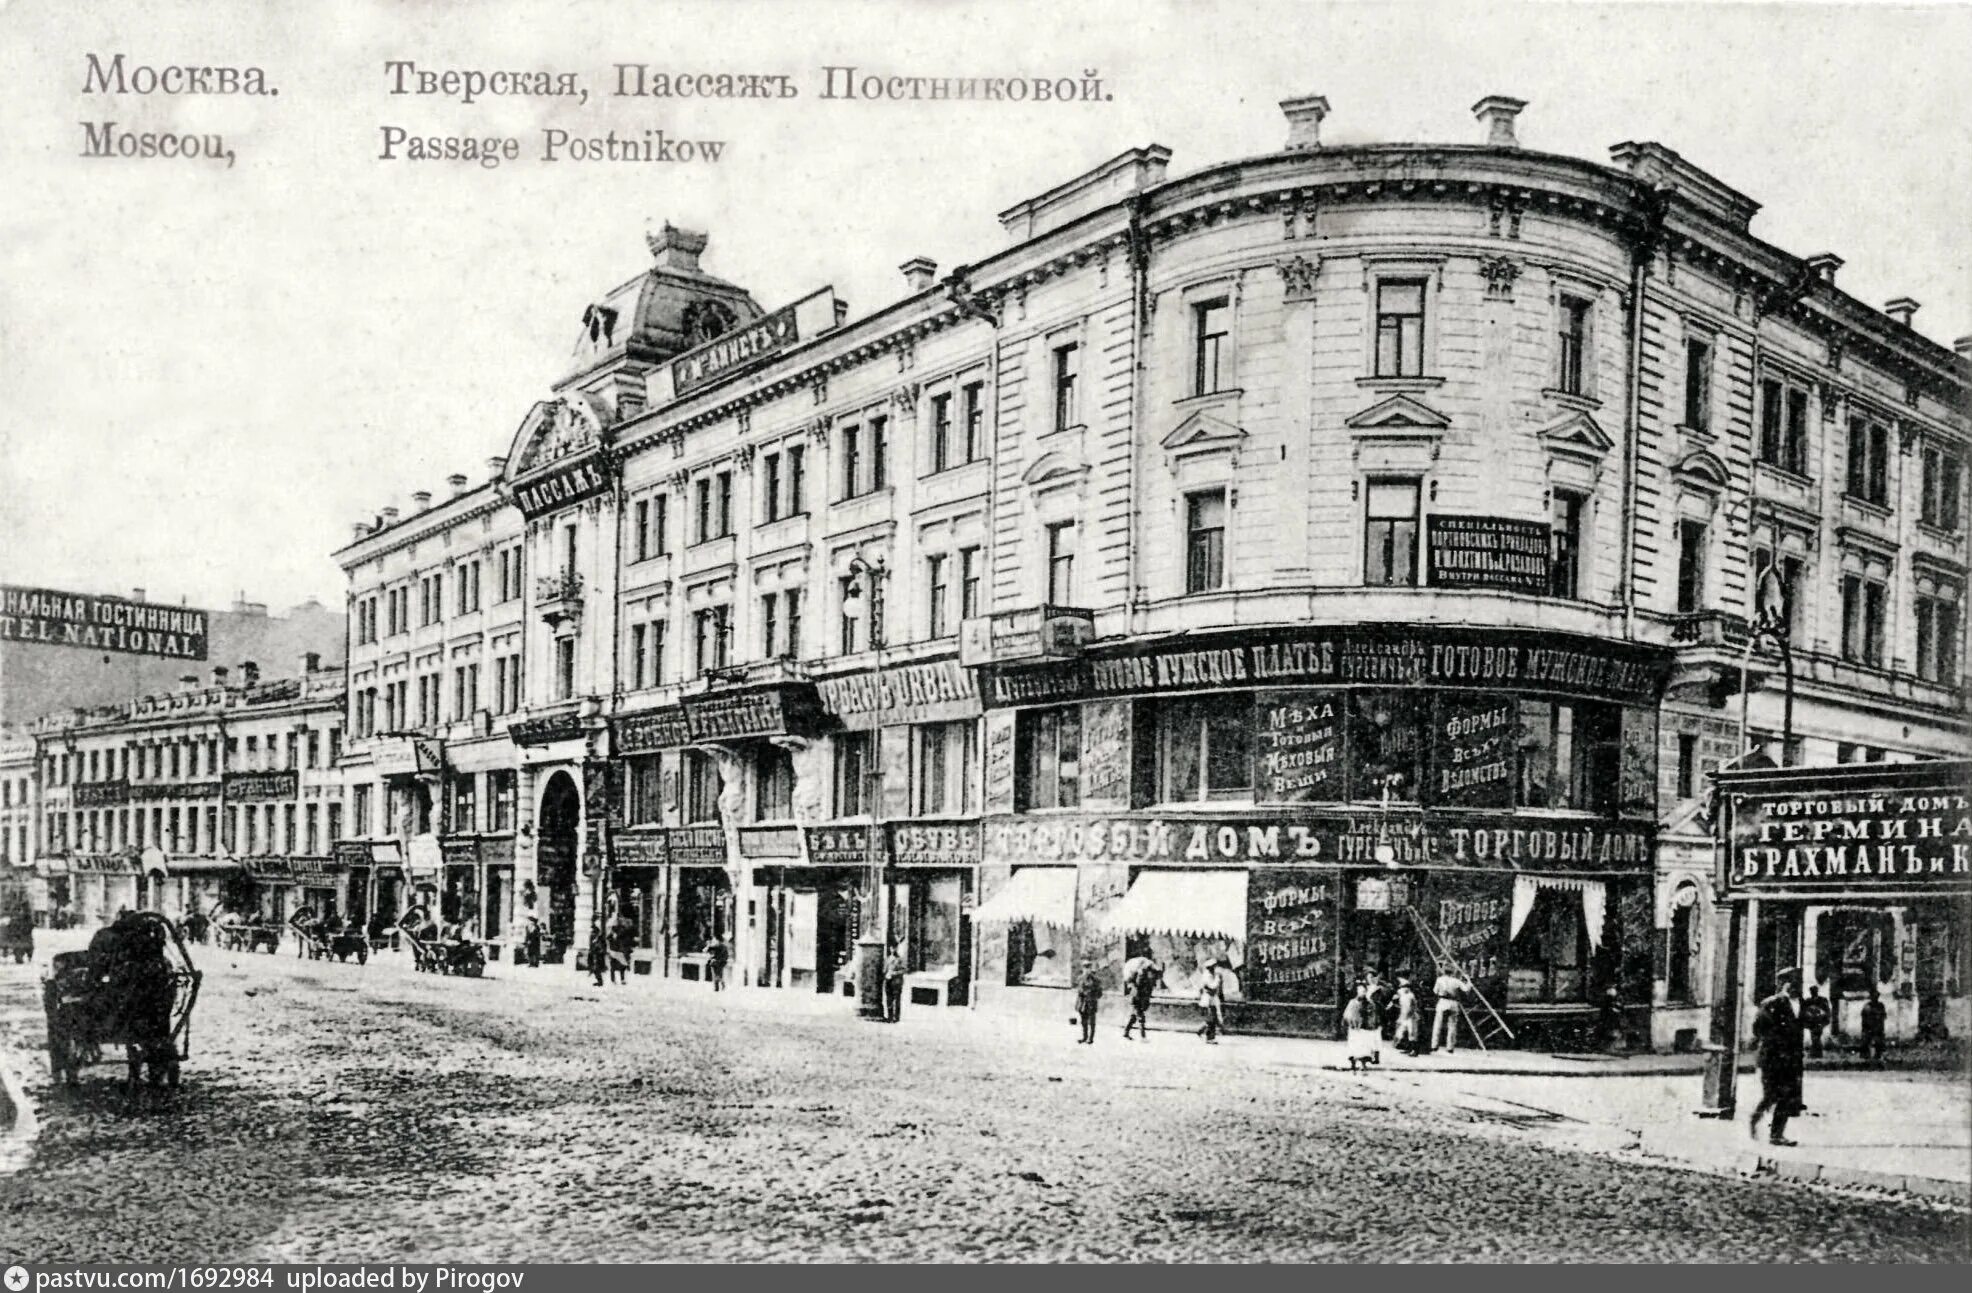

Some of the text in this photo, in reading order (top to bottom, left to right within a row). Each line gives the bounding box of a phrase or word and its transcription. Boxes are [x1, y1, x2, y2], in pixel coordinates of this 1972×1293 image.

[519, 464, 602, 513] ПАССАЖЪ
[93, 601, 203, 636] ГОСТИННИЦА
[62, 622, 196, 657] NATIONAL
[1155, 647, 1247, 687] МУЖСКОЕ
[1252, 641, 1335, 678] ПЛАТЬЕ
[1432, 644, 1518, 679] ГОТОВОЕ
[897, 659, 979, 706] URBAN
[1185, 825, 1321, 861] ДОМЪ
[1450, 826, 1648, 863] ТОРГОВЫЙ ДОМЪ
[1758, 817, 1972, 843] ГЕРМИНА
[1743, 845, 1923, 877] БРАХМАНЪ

************

-- Description of the task --
In your copy of the listing, please omit the pictures and keep every word exact.

-- Written response --
Some of the text in this photo, in reading order (top to bottom, left to right within a row). Each line gives the bounding box of a phrase or word and its transcription. Boxes are [x1, y1, x2, y2], in pixel coordinates of this 1972×1293 image.

[519, 464, 602, 513] ПАССАЖЪ
[93, 601, 203, 636] ГОСТИННИЦА
[62, 622, 196, 657] NATIONAL
[1155, 647, 1247, 687] МУЖСКОЕ
[1252, 641, 1335, 678] ПЛАТЬЕ
[1432, 644, 1518, 679] ГОТОВОЕ
[897, 659, 979, 706] URBAN
[1185, 825, 1321, 861] ДОМЪ
[1450, 826, 1648, 863] ТОРГОВЫЙ ДОМЪ
[1758, 817, 1972, 843] ГЕРМИНА
[1743, 845, 1923, 877] БРАХМАНЪ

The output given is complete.